Bernstein: Injuries, Injuries, Injuries -- This Is Bears Football
By Dan Bernstein--
CBSChicago.com senior columnist
(CBS) It probably doesn't matter that Bears quarterback Mike Glennon avoided being bad enough for it to appear good or that rookie Mitchell Trubisky kept throwing the kind of passes that hint at a bright future.
We know better, or at least we should. Glennon will hit his thumb on a helmet soon enough or fall off a moped, Trubisky will get his chance only to immediately have his foot turned backward at the bottom of a pile of bodies and then it will be Mark Sanchez at the position only until his arms are eaten by a pack of velociraptors. This is what happens.
The Bears went through all of their passers last year, a campaign that set glorious NFL records for total man/games lost to injury, the most since such records have been kept since the turn of the century.

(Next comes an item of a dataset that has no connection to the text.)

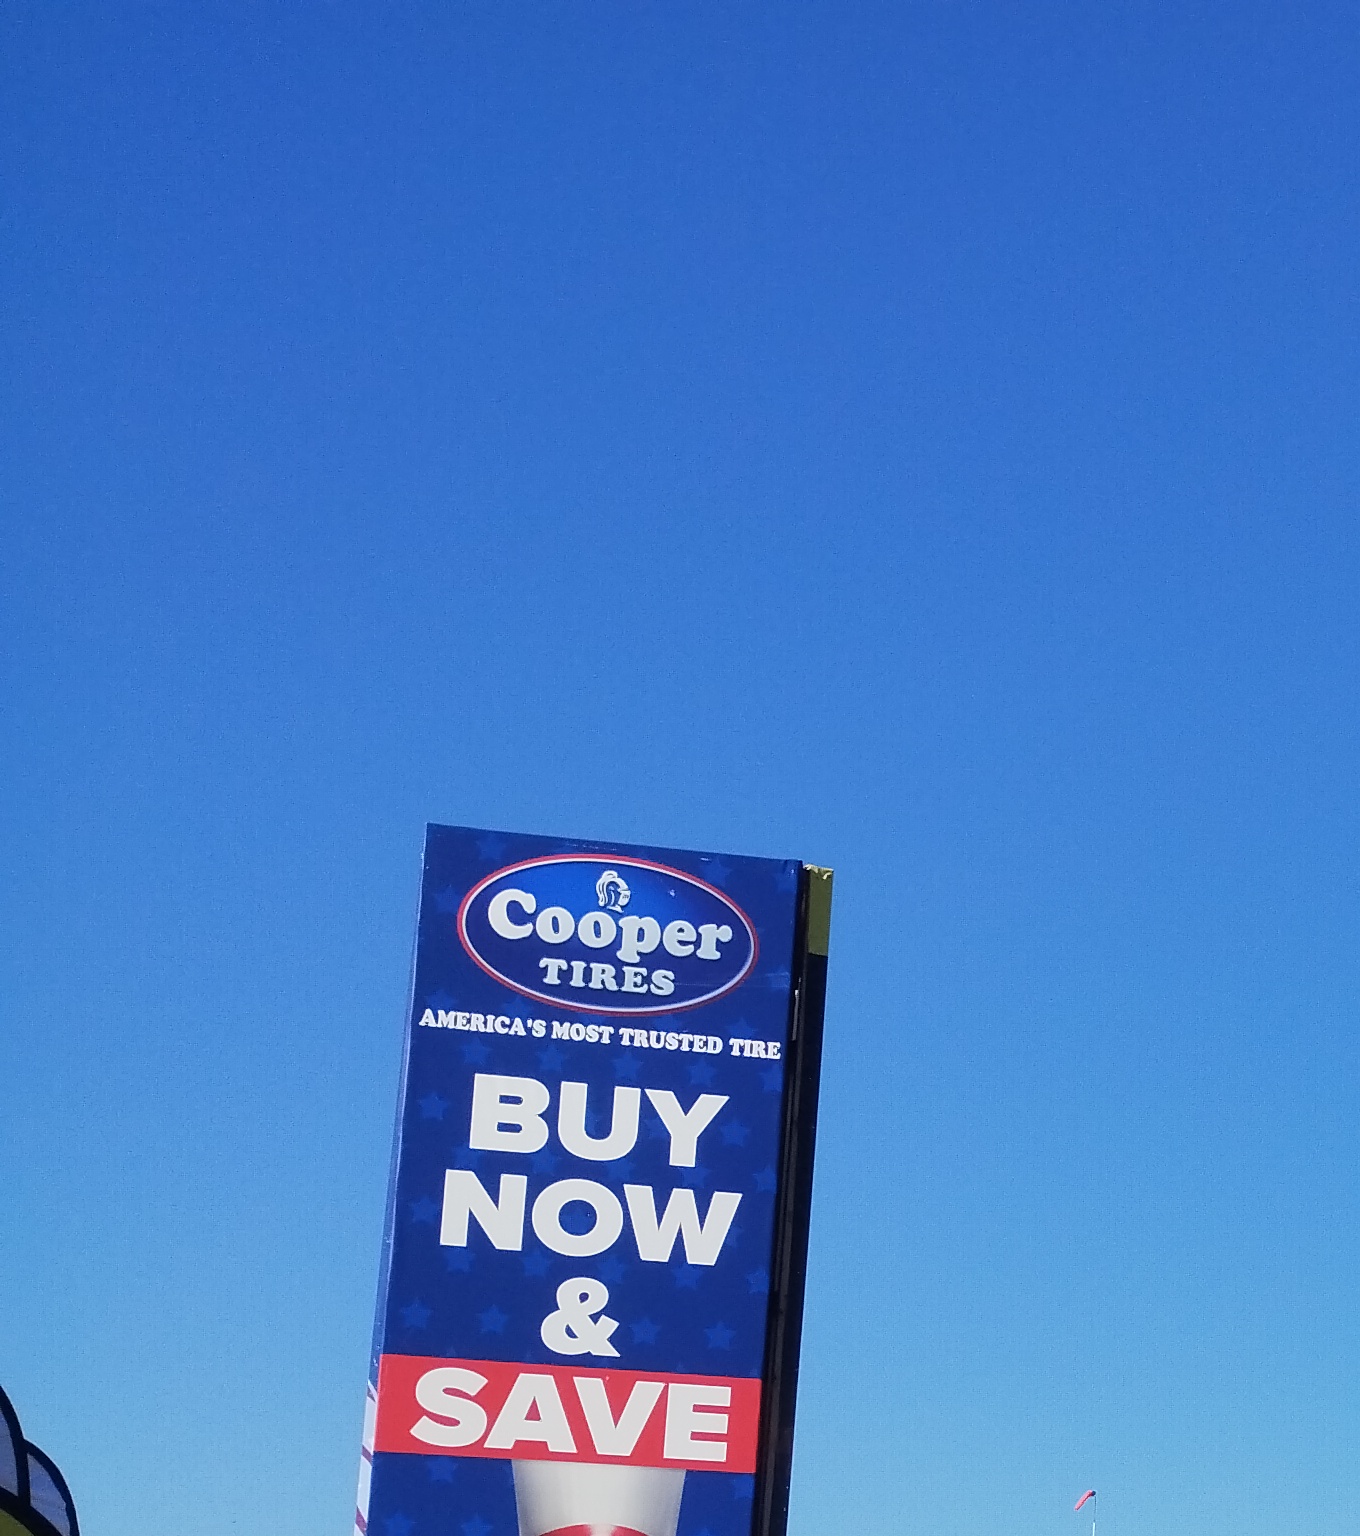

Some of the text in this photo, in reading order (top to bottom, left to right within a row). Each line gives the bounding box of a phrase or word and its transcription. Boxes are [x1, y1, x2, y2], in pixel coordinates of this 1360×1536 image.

We nodded along as general manager Ryan Pace and coach John Fox told us about all the time and resources the team has since invested in preventative care, and yet we see the same alarming trends beginning to take shape.
Every day is the all-too-familiar accounting of who's ambulatory and who's not, who's traveling and who's active and Fox blathering about not wanting to "put a timetable on it." There's the dreaded physically-unable-to-perform list too, and the one on which some of us may eventually reside, wondering Who the Hell Are These players and subsequently placed on the WHAT? list.
Let's get all excited about Cameron Meredith, the overachieving former college quarterback ready to contribute after a breakout 66-catch season! Actually let's not, because he tore up his knee and is out for the year. But that's OK, because the Bears have Kevin White! Remember him? He broke his leg at practice right after the Bears drafted him, and then he came back the next year and broke a different bone in the same leg. He's not that fast now, but he's still here! And they signed Markus Wheaton, but he had his appendix removed and then broke his finger.
While we're talking about former top picks, Leonard Floyd is hurt again after missing games last year with head and neck problems. The Bears don't seem to think his foot injury is serious, and we can always rely on them to be completely genuine and forthcoming about such things. Kyle Long is still recovering from an ankle injury suffered last season to go along with a torn labrum in his shoulder, and nobody knows when he's coming back. This and Eric Kush tearing his hamstring already means their best center is forced to play guard, so there's also that.
Jonathan Bullard looked great until he pulled his butt. Prince Amukamara hobbled out of the locker room on crutches Sunday with his ankle in a compression boot. And they need another new long snapper also, because Patrick Scales tore his ACL and is out for the year.
We aren't yet done with exhibition games.
This is Bears football, and any expectations for them have to be seen through an honest perspective based on our experience. This is only the beginning of the attrition, and with every Sunday's mass car-crash we take three hours of our time to watch, there are going to be more. We spend weeks building up to each year's draft and more weeks evaluating the annual haul of talent, and then they all go on injured reserve so we can watch undrafted free agents run into each other. We have no real idea how good a team can be when we know that some future contributors this season are about to get cut by somebody else and will be signed away from a grade school P.E. teaching job in December.
They're all going to be hurt. Everybody you want to play will play, until they can't, and then it will be people you don't know and never wanted to see. This is what happens.